Sharing our lives on social networks is now commonplace, but what happens when we are gone? Channel 4 News finds people are thinking more carefully about their digital legacy.
The Apple iCloud launched earlier this week joining Facebook, Twitter and other services in persuading us to store many aspects of our lives – from photographs to our location to the most personal of messages on their webservers – where they will be kept forever.
What makes the Apple iCloud different is that it is automatic – as soon as a photograph is taken on an iPhone it is transmitted to their servers and will be stored in perpetuity.
So the question now is what happens to our digital profiles once we die?
In the past it was the rich powerful and famous that had memorials built for them in order for their history to survive their death. Now thanks to the way we use the internet many of us are effectively creating our own online memorials that will live on and even evolve after we pass away.

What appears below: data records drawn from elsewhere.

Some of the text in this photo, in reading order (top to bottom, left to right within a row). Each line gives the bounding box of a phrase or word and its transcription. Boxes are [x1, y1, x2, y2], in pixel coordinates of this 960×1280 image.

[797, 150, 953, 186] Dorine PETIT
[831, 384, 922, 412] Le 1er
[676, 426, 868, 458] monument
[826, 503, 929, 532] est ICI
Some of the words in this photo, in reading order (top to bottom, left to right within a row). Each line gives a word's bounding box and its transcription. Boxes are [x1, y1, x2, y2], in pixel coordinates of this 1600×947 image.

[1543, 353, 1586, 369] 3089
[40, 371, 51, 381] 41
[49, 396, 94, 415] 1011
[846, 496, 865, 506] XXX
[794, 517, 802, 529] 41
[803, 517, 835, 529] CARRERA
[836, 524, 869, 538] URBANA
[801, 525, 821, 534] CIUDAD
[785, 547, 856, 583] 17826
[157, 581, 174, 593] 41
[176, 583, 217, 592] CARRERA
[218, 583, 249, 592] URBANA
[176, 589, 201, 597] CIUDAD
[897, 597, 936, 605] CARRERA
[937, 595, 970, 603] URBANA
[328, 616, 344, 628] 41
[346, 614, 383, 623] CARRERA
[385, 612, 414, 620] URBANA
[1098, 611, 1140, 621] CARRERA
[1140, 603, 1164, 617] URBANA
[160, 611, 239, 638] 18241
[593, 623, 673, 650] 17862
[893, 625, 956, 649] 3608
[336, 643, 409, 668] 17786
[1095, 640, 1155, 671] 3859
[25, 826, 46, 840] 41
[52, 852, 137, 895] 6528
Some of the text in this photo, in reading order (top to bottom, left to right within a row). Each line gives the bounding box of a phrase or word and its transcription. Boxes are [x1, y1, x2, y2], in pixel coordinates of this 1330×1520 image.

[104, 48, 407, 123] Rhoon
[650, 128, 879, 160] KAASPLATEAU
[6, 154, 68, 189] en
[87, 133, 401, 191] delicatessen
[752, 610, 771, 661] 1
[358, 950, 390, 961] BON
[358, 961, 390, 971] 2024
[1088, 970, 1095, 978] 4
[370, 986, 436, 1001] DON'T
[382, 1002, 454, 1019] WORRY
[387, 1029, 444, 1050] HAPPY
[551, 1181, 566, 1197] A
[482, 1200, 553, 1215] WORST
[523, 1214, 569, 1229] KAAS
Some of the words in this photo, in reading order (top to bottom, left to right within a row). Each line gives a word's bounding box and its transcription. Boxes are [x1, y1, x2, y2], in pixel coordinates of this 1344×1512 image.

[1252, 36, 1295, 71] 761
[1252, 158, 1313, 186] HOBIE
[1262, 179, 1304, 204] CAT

After I die, this is what would be left behind: intimate photographs, the places I have been, the random thoughts in status updates and who I was friends with. But most users never think about this scenario and what they leave behind.
Kelly Harmer was forced to confront these issues after a near fatal car crash. She is not alone, new research shows that 53 per cent of us store “treasured possessions” online. More than half of internet users consider photos on Facebook and their email on services to be treasured possessions and 11 per cent will include digital inheritance in their wills.
The importance placed on our digital inheritance raises questions however on its potential abuse. In a high profile case last month, a 25 year old man was jailed by Reading magistrates court for posting abusive messages on the Facebook profiles of dead children a practice known as ‘trolling.’
For bereaved families, it can be a tough choice whether to leave Facebook profiles up as a tribute, or delete the profile.
As more and more of those who have lived online end up here, ever greater levels of personal information will end up on so called cloud- services like iCloud, Facebook, Gmail.
Where once a headstone inscription was a handful of pithy words, the volume of information stored online about a deceased person will soon be so large that it could more than fill every headstone in the Britain.
As more of us contemplate our eventual digital demise, we might just start to think more carefully about the information stored in the cloud for our loved ones to discover when we have gone.